I.e., does the integral look like this?

[tex]-\int_1^{10} \frac{dx}{x}[/tex]

- #4

Jules18

- 102

- 0

The natural logarithm function, denoted as ln(x) or log_{e}(x), is the logarithm with base e, where e is the mathematical constant approximately equal to 2.71828. It is the inverse function of the exponential function, meaning that if y = e^{x}, then x = ln(y).

The natural logarithm function and the negative integral are closely related because the natural logarithm of a number can be expressed as the negative integral of its reciprocal. In other words, ln(x) = −∫1/x dx. This relationship is known as the fundamental theorem of calculus.

The natural logarithm function has many important applications in mathematics and science. It is used to solve exponential equations, and it plays a crucial role in calculus, particularly in the study of continuous growth and decay. It is also used in statistics, physics, and engineering to model natural processes and phenomena.

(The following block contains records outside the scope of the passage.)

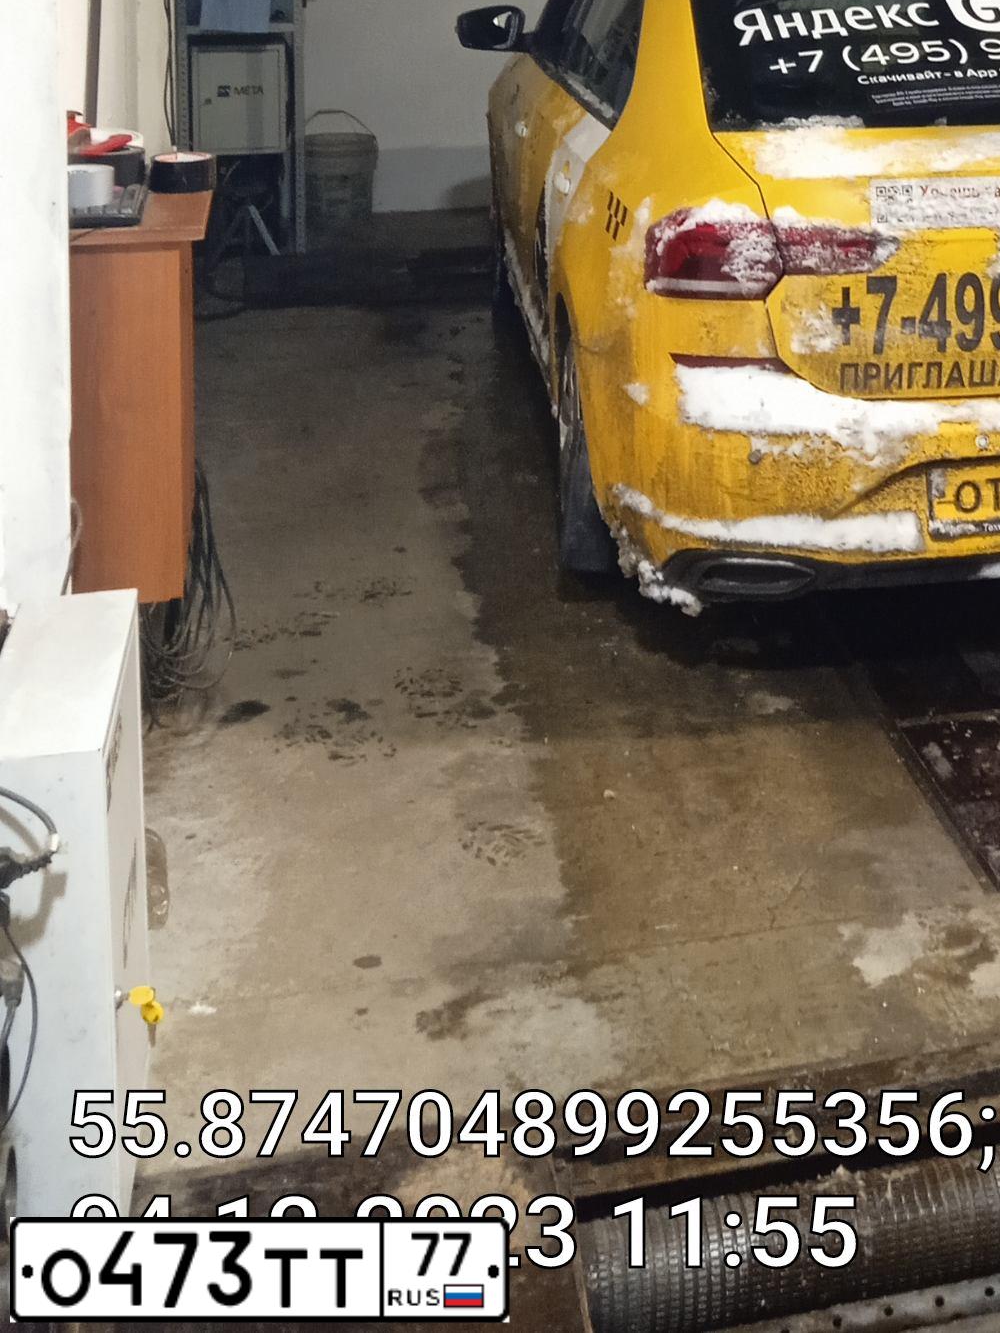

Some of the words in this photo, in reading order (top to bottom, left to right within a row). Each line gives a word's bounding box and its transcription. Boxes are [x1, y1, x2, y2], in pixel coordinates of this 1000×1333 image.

[733, 2, 940, 46] Яндекс
[769, 50, 824, 74] +7
[842, 39, 969, 71] (495)
[966, 68, 998, 79] App
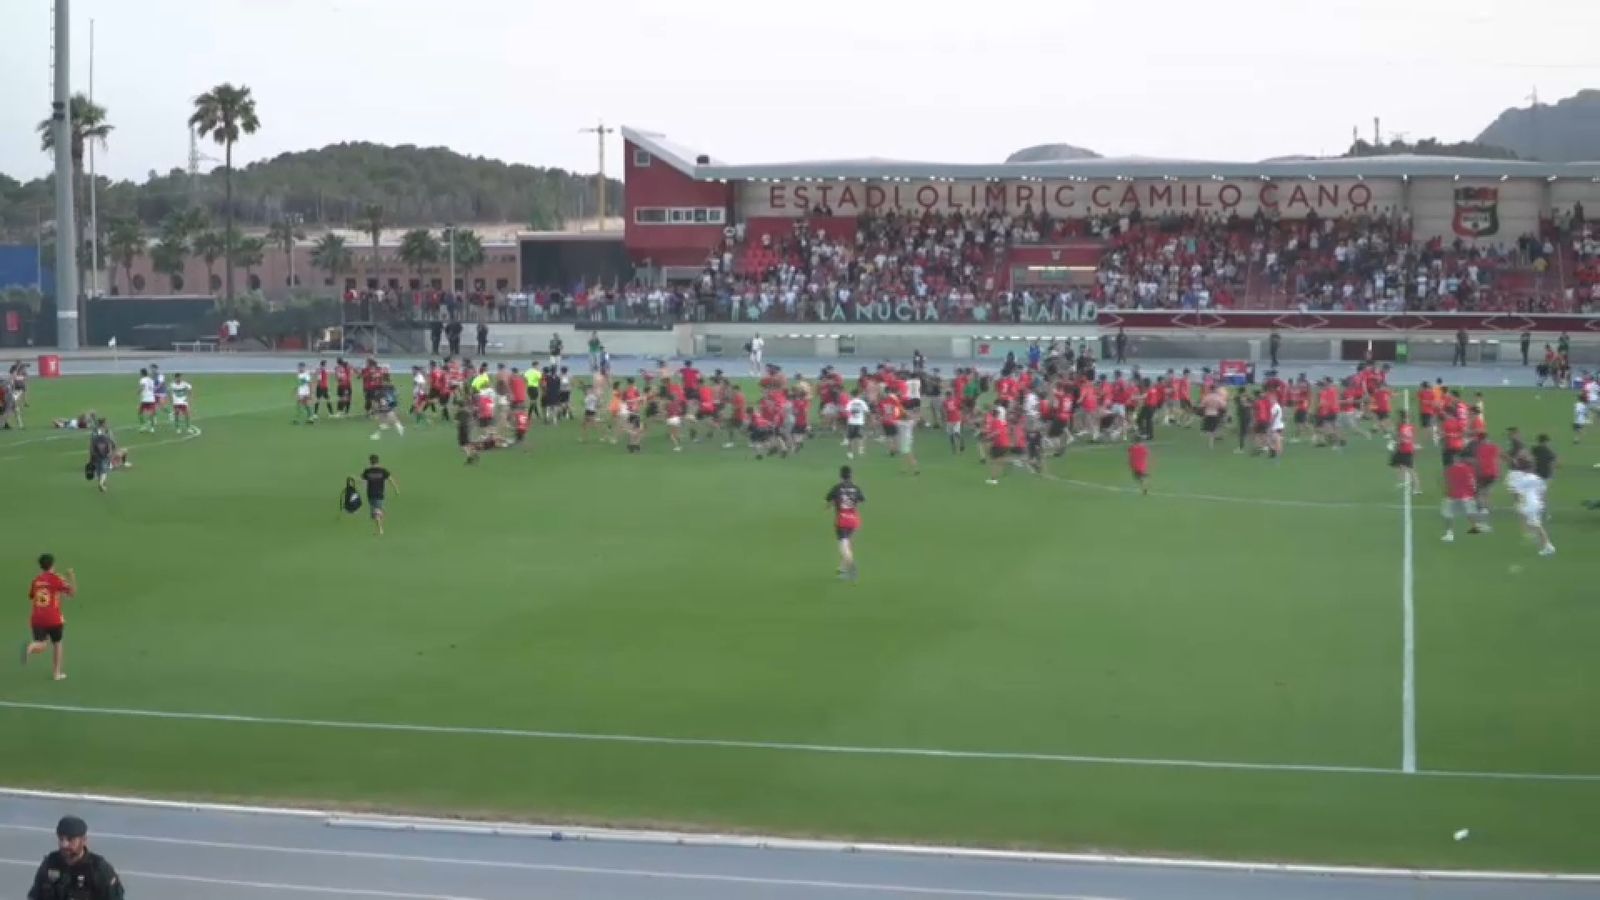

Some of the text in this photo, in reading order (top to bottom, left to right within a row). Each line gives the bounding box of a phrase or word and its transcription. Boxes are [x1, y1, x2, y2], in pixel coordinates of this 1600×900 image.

[769, 183, 1372, 209] ESTADI OLIMPIC CAMILO CANO
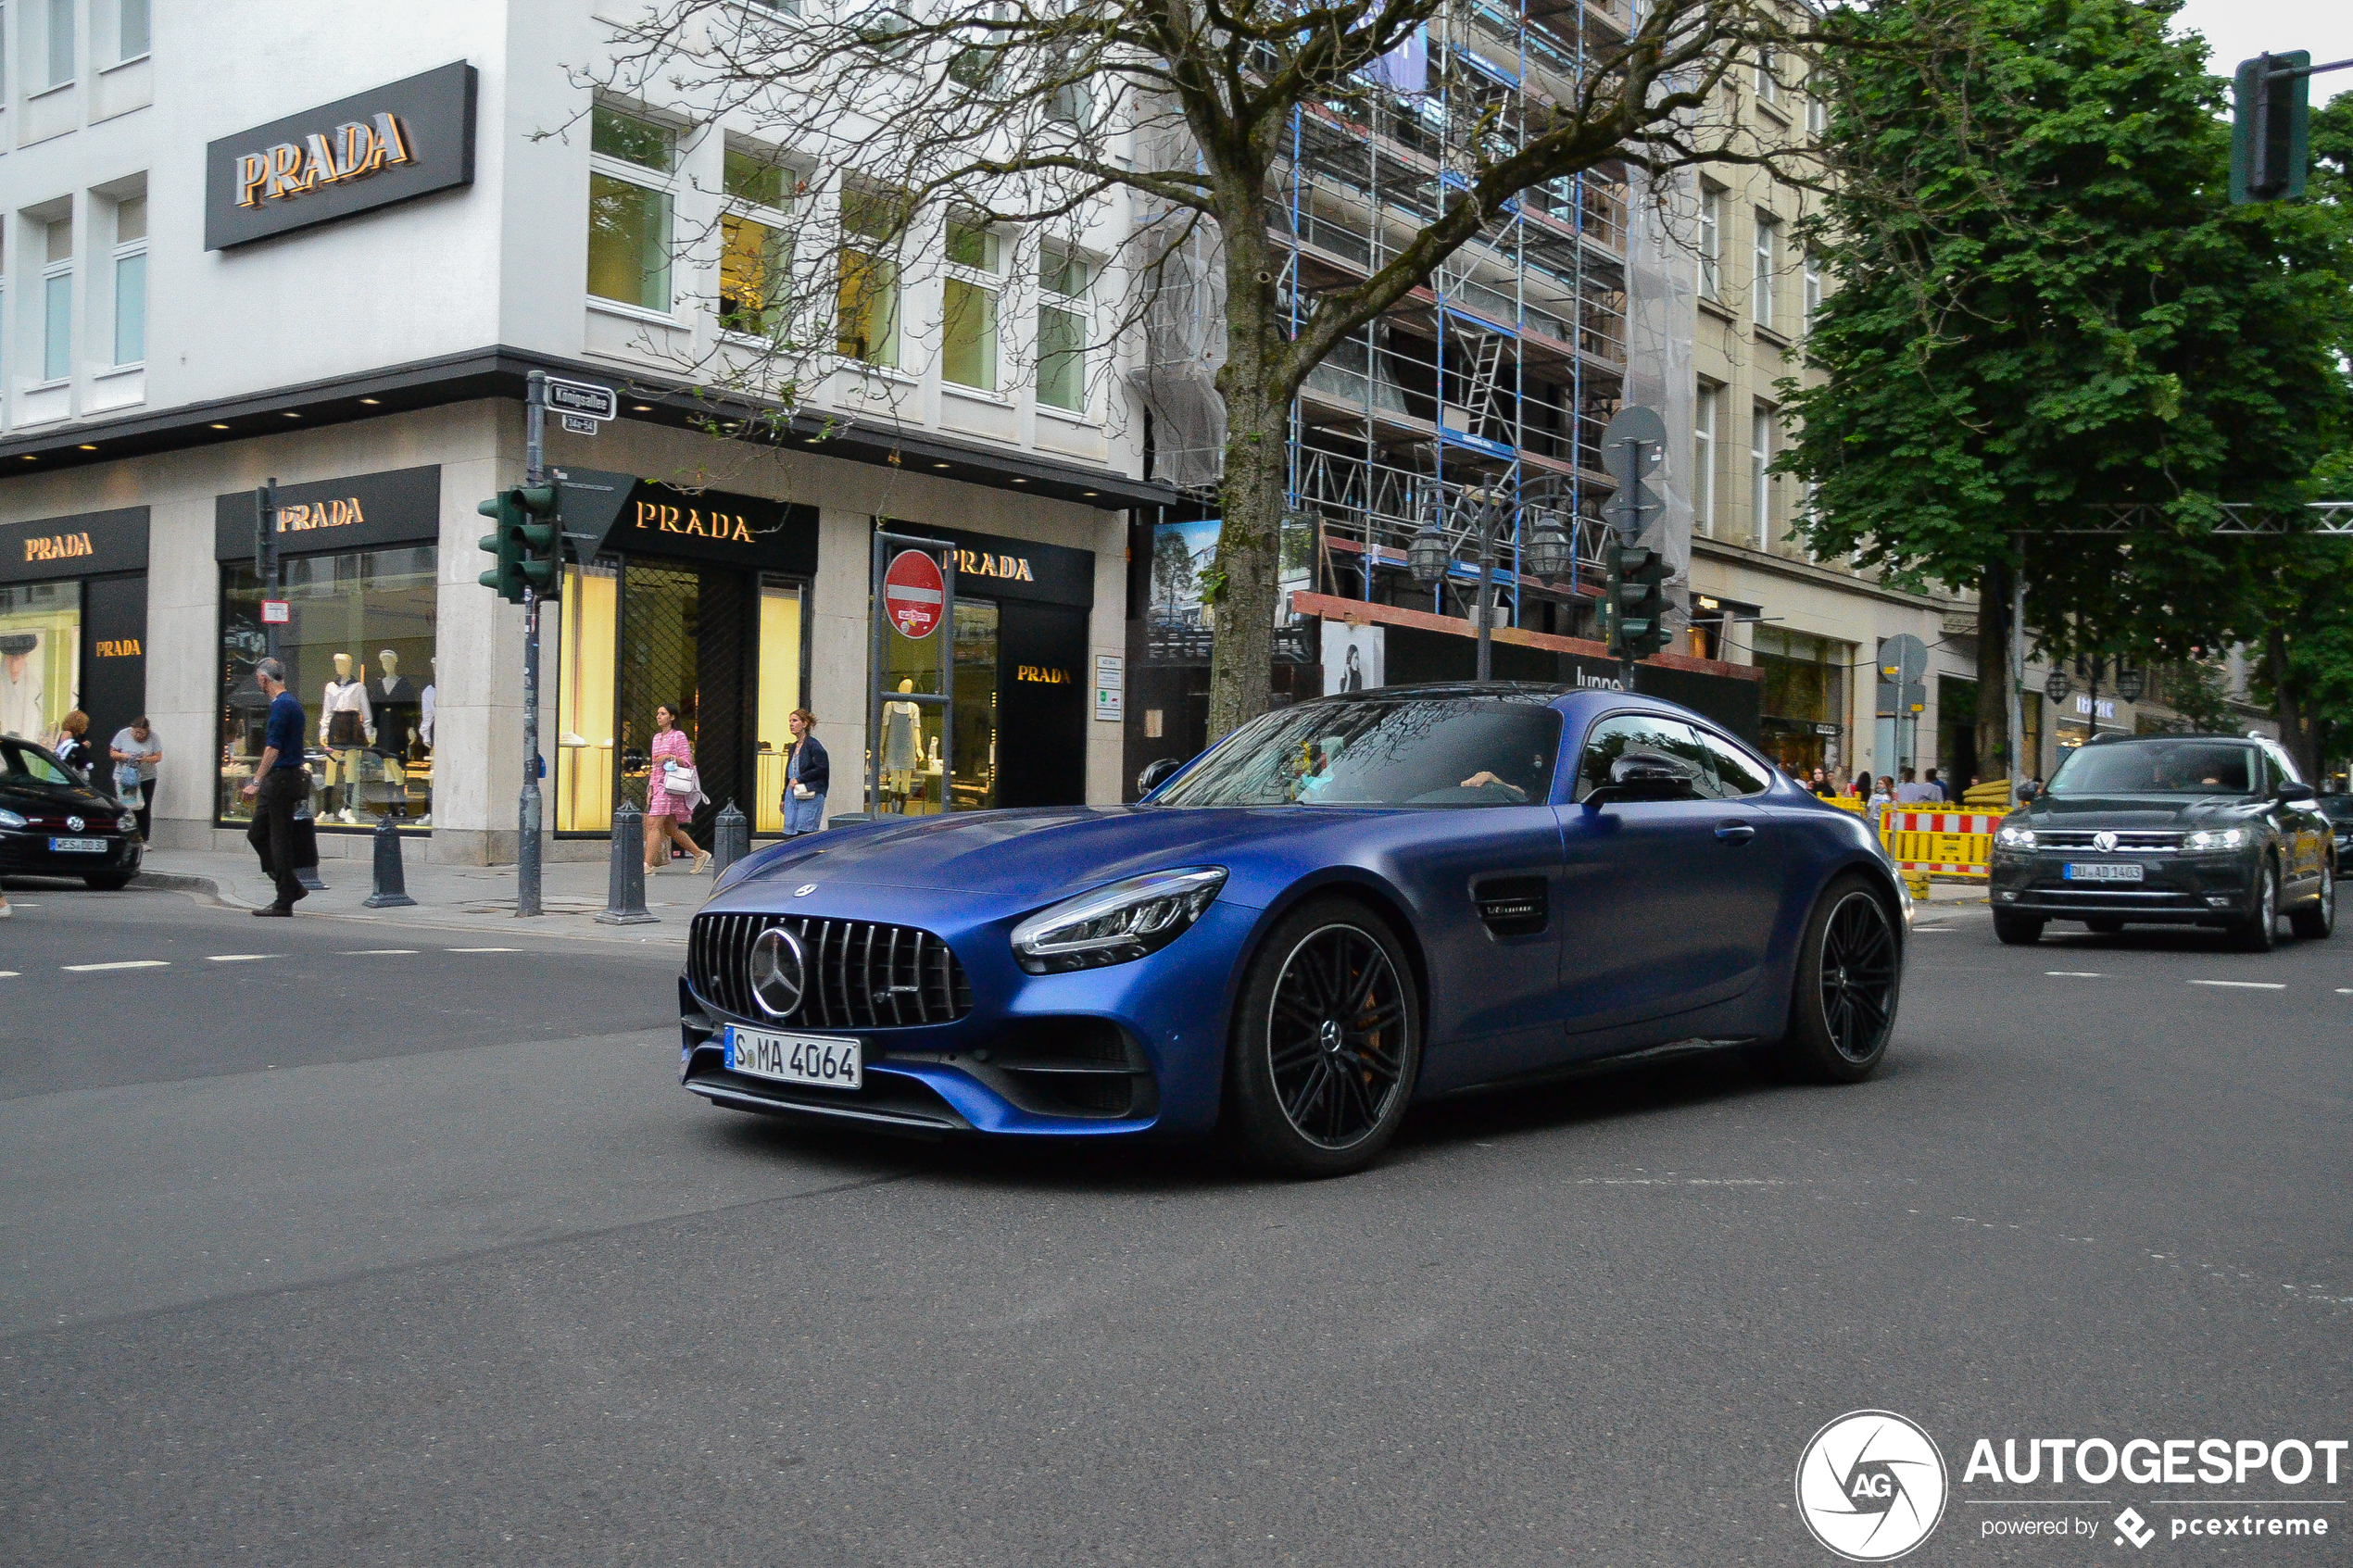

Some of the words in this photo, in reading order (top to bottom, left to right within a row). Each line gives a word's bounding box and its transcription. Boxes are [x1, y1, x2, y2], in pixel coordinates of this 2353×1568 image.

[235, 112, 408, 207] PRADA
[556, 387, 608, 410] Königsallee
[277, 497, 364, 533] PRADA
[635, 501, 756, 543] PRADA
[25, 532, 94, 562] PRADA
[96, 639, 142, 658] PRADA
[1017, 665, 1071, 684] PRADA
[2071, 866, 2085, 877] DU
[2095, 866, 2109, 878] AD
[736, 1033, 746, 1065] S
[757, 1036, 783, 1073] MA
[790, 1042, 854, 1082] 4064
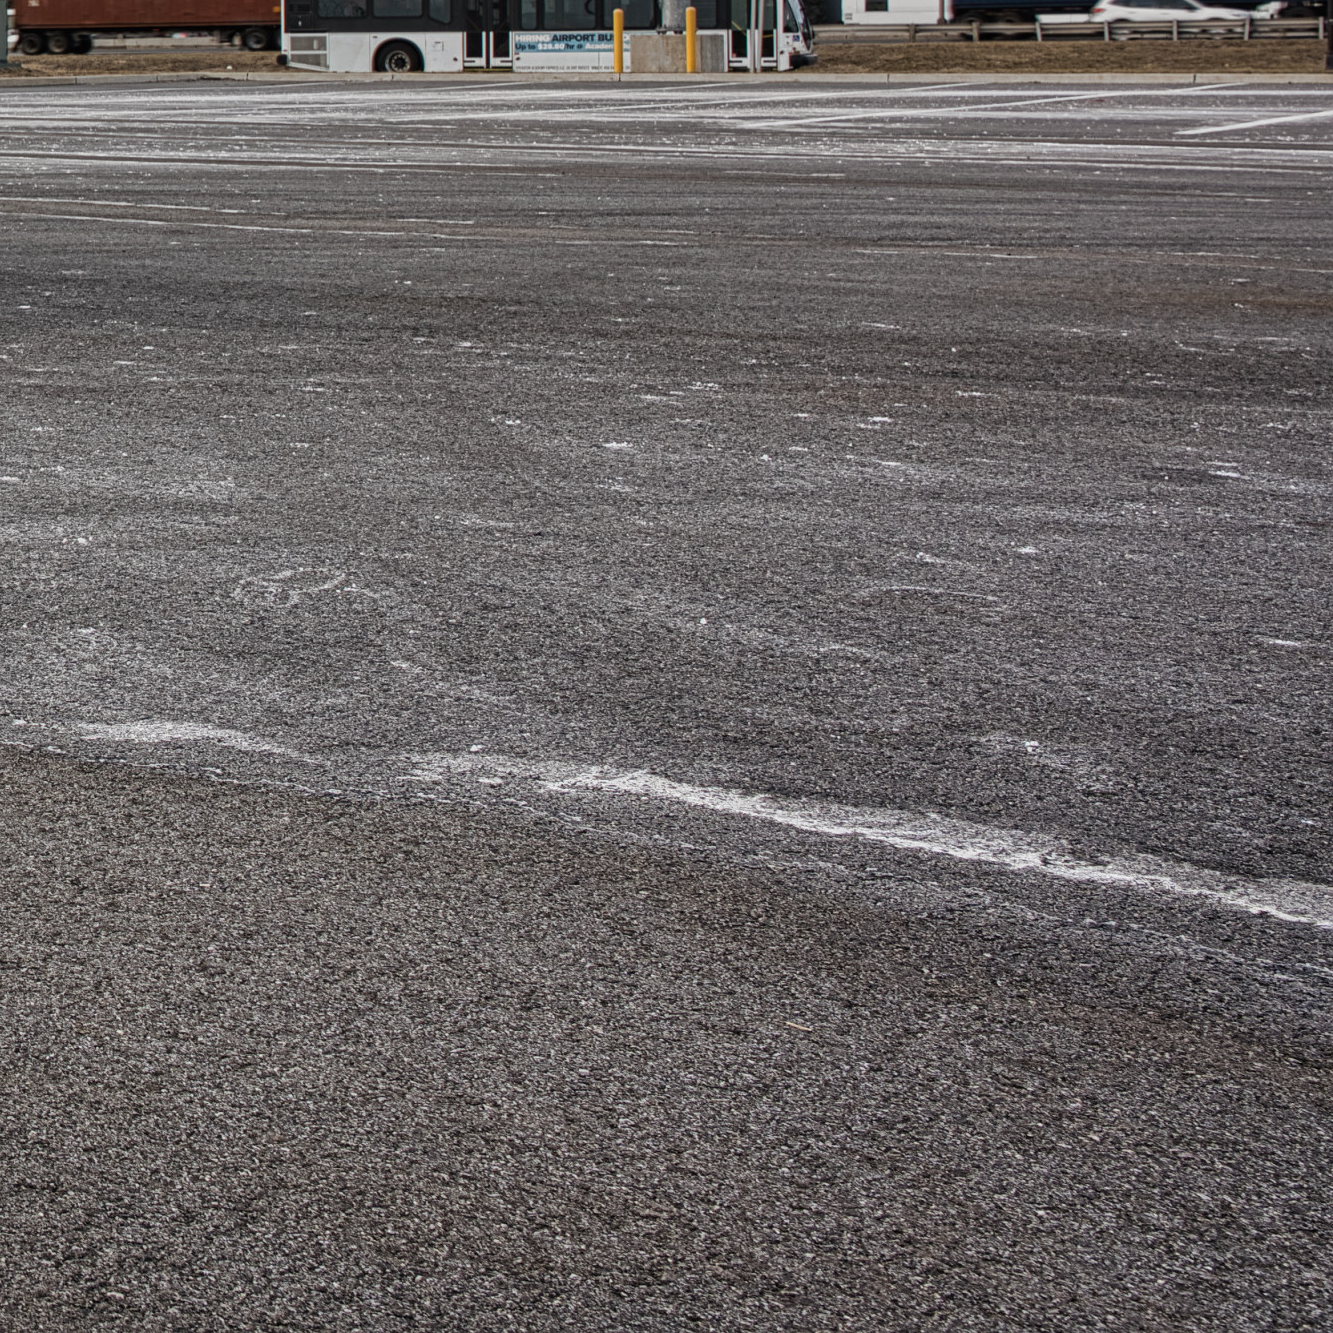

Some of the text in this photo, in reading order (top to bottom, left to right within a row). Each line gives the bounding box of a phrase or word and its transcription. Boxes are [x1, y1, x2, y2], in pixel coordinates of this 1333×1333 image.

The natural logarithm function is unique because it uses the constant e as its base, whereas other logarithmic functions use different bases. The natural logarithm function also has specific properties and applications that distinguish it from other logarithmic functions.

Yes, the natural logarithm function can be evaluated for negative or complex numbers. However, the result will be a complex number, and it is usually expressed in terms of its real and imaginary parts. Additionally, the natural logarithm function is not defined for x ≤ 0, as the logarithm of a non-positive number is undefined in the real number system.